5. The apparatus of claim 4, wherein the neuron pre-compute storage memory or the layer pre-compute storage memory comprises a content-addressable memory (CAM), a static random-access memory (SRAM), or a lookup table (LUT).
6. The apparatus of claim 5, wherein the neuron pre-compute storage memory or the layer pre-compute storage memory is configured to store a plurality of pre-computed multiplication results for frequently occurring input patterns.
7. The apparatus of claim 6, wherein the neuron FSM is configured to retrieve the plurality of pre-computed multiplication results from the neuron pre-compute storage memory to bypass multiplication operations during neural network computations.
8. A method comprising:
receiving input data for a neural network operation on a neural network;
determining a pre-computed result corresponding to the input data is stored in a pre-compute storage memory;
retrieving the pre-computed result from the pre-compute storage memory; and
performing the neural network operation using the retrieved pre-computed result.
9. The method of claim 8, wherein the pre-compute storage memory comprises a content-addressable memory (CAM), a static random-access memory (SRAM), or a lookup table (LUT).

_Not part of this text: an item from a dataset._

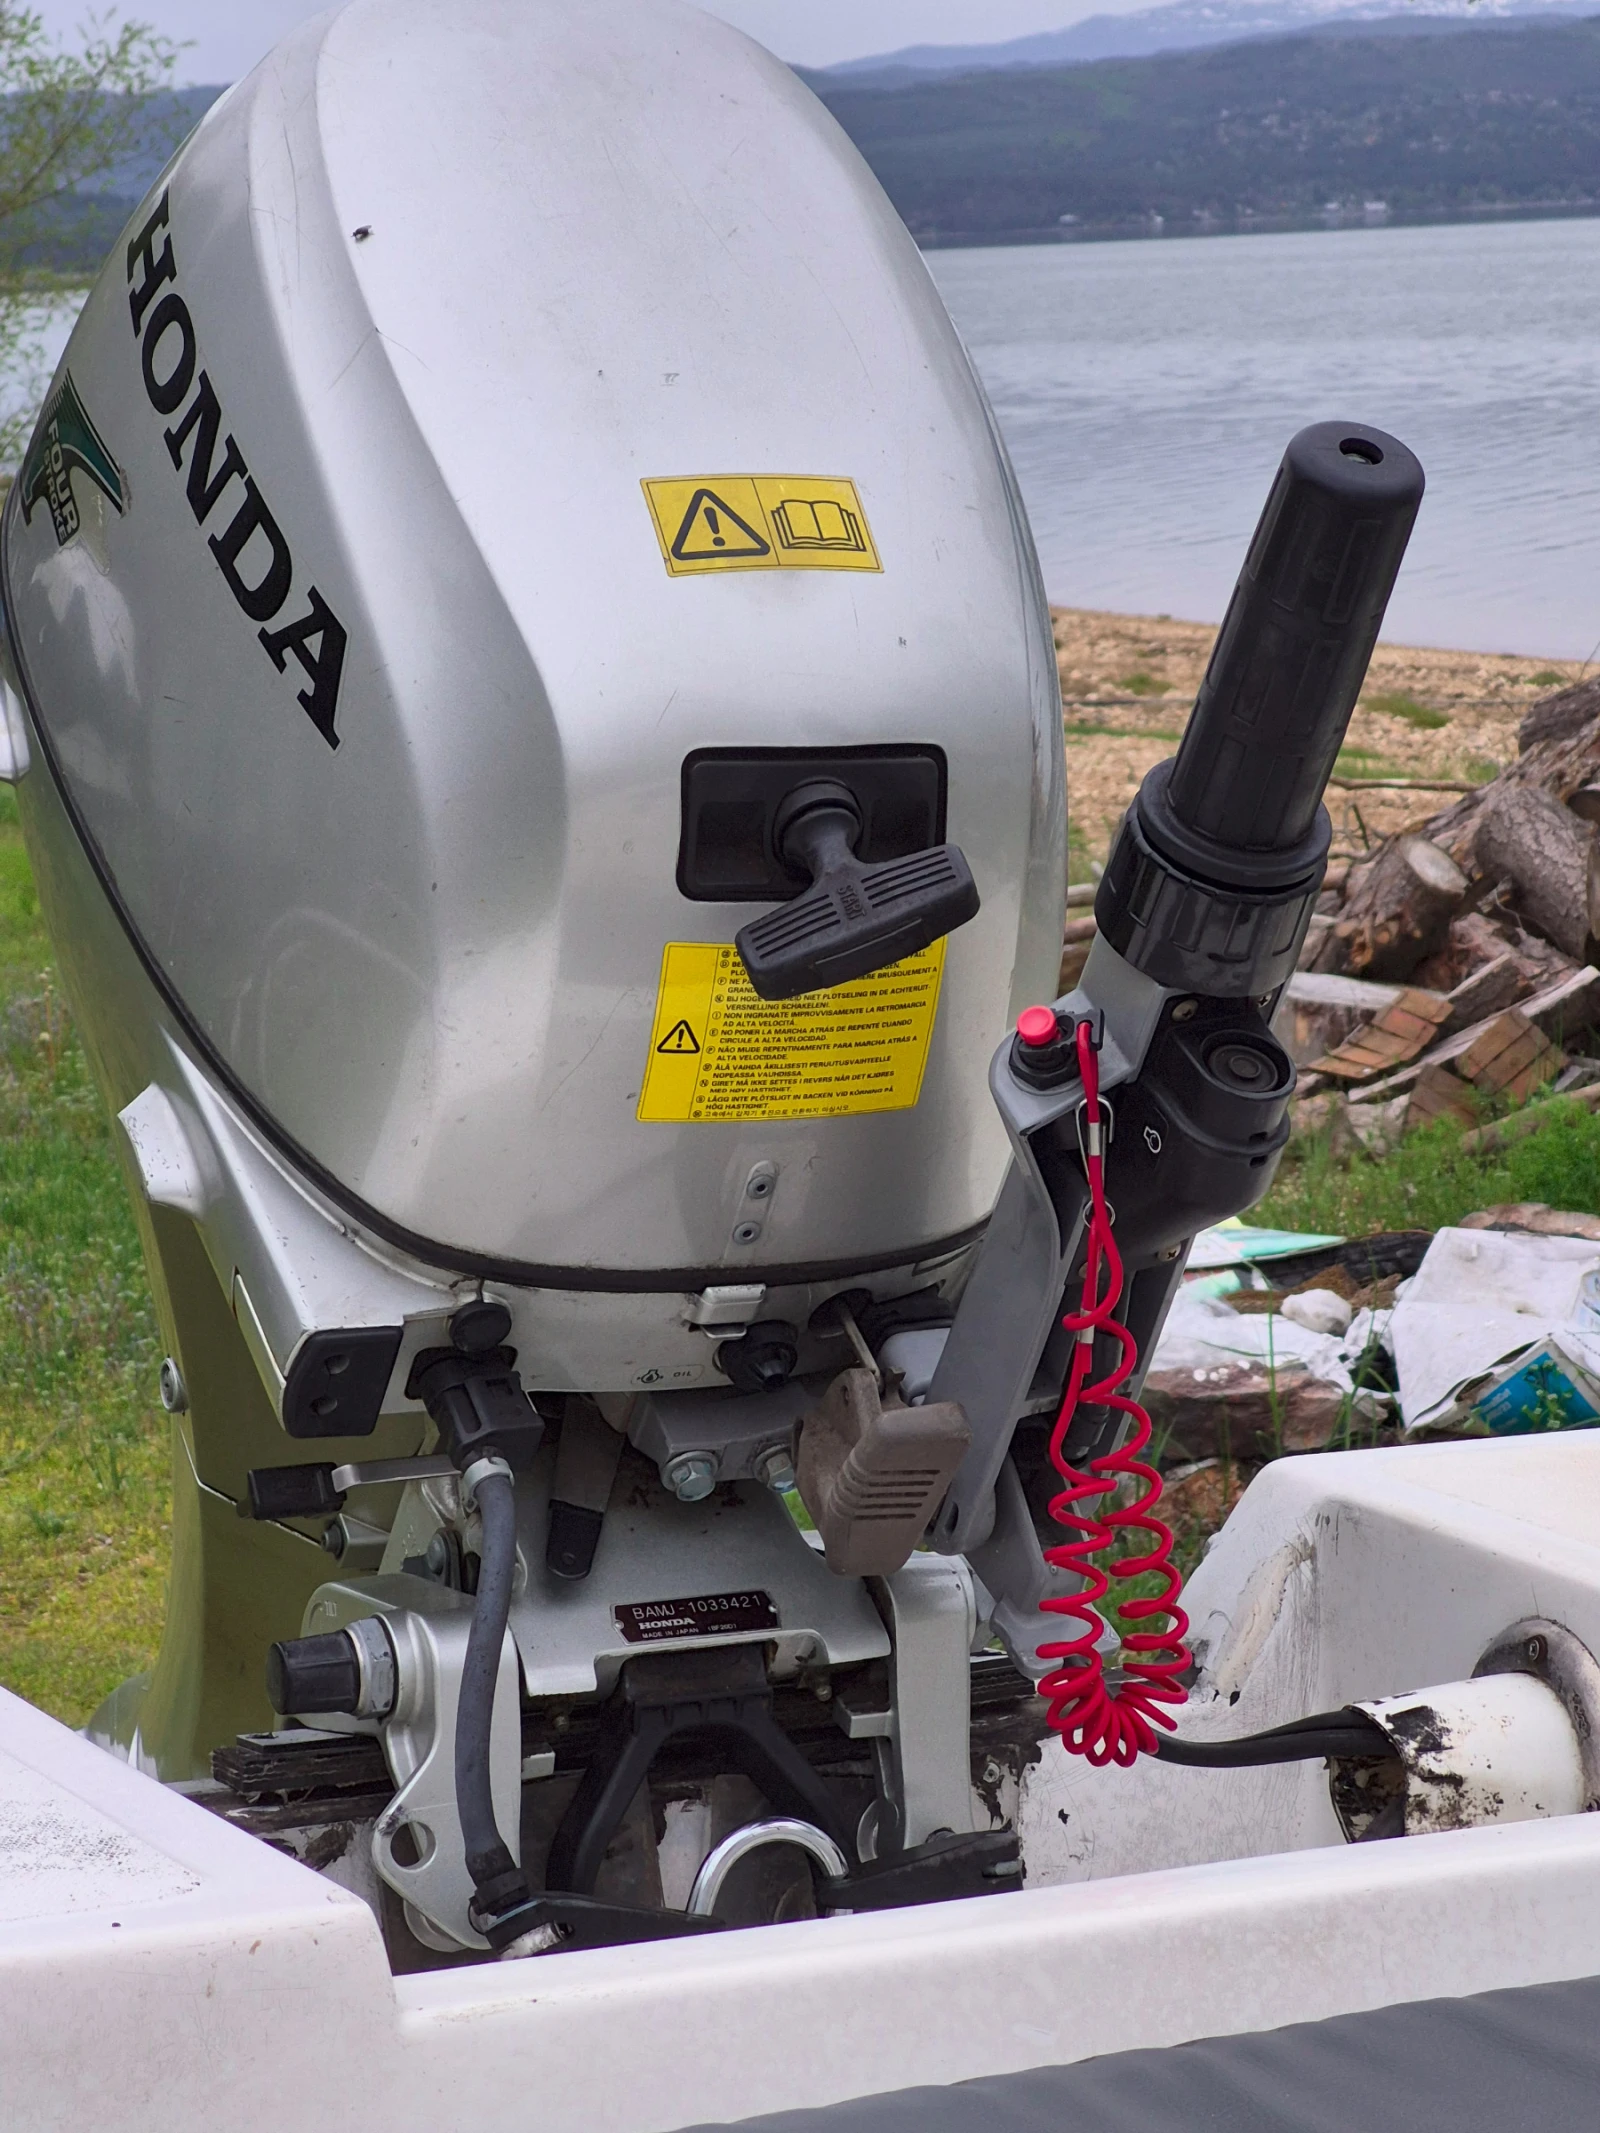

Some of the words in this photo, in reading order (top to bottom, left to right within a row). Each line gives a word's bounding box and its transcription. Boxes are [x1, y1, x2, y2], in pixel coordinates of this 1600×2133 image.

10. The method of claim 9, wherein the pre-computed result comprises a multiplication result for a frequently occurring input pattern corresponding to the neural network operation.
11. The method of claim 10, further comprising:
applying a pruning technique or a quantization technique to optimize the neural network operation.
12. The method of claim 11, wherein the pruning technique comprises removing a weight or an activation with low magnitude comprising minimal impact on performance of the neural network.
13. The method of claim 12, wherein the quantization technique comprises discretizing a range of weight or activation values that reduces bit representation of the range of weight or activation values.
14. The method of claim 13, further comprising:
dynamically reconfiguring a smallest unit of data in the pre-compute storage memory.
15. The method of claim 8, further comprising:
generating a frequency distribution of a plurality of operand pairs for a plurality of neural network operations; and
storing a set of one or more most frequently occurring operand pairs and a set of corresponding multiplication results in the pre-compute storage memory.
16. The method of claim 8, wherein (i) the neural network comprises a convolutional neural network (CNN) and (ii) the pre-computed result comprises a multiplication result for an input feature map and a filter weight.
17. The method of claim 8, wherein (i) the neural network comprises a recurrent neural network (RNN) and (ii) the pre-computed result comprises a multiplication result for a hidden state and a recurrent weight.
18. The method of claim 8 further comprising:
upscaling a data unit from the pre-compute storage memory to a byte-addressable format associated with communication with an external device.